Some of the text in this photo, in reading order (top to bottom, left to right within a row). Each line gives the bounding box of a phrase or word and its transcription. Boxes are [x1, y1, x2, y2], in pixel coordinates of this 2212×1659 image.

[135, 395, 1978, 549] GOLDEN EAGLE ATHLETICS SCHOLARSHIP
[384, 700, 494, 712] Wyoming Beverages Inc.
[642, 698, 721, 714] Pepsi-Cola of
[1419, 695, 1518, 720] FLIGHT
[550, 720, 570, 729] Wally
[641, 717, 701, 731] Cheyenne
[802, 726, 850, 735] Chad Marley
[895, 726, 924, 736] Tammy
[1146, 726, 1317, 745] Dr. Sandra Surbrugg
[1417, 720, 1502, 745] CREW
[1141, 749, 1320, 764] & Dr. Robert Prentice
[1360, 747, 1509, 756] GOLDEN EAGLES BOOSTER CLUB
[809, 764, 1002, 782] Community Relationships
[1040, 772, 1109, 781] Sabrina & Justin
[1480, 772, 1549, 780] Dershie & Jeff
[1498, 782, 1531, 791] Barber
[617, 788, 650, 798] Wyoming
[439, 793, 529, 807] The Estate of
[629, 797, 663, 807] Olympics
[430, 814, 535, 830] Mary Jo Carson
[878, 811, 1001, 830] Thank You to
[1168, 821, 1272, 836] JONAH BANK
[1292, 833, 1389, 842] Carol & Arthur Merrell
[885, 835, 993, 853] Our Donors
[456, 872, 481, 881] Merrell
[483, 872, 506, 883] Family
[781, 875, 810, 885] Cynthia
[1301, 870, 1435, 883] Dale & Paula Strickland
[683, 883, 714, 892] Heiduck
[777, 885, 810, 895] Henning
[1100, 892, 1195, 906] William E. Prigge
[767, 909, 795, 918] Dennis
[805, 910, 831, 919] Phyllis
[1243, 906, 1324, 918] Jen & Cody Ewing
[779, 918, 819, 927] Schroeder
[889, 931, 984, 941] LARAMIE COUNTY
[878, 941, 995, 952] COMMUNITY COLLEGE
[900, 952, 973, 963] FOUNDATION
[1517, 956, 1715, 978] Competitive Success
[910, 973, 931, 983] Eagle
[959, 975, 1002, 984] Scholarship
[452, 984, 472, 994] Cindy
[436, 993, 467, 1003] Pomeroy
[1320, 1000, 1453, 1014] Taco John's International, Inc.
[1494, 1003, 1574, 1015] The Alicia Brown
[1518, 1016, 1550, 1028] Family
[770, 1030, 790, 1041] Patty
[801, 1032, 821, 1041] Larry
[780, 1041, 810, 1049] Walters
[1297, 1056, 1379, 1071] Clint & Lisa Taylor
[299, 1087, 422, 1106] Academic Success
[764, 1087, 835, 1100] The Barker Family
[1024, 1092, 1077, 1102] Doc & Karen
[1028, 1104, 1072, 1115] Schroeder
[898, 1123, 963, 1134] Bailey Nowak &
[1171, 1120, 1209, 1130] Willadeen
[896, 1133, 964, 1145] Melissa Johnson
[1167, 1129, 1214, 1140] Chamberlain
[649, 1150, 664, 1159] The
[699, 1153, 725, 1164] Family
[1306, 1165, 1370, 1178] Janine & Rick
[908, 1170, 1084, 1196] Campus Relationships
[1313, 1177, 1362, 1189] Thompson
◆ ◆ ◆ ◆ ◆
Work request: In the records above, find each line that mentions the string "Wyoming", then copy it.

Solution to the problem:
[384, 700, 494, 712] Wyoming Beverages Inc.
[617, 788, 650, 798] Wyoming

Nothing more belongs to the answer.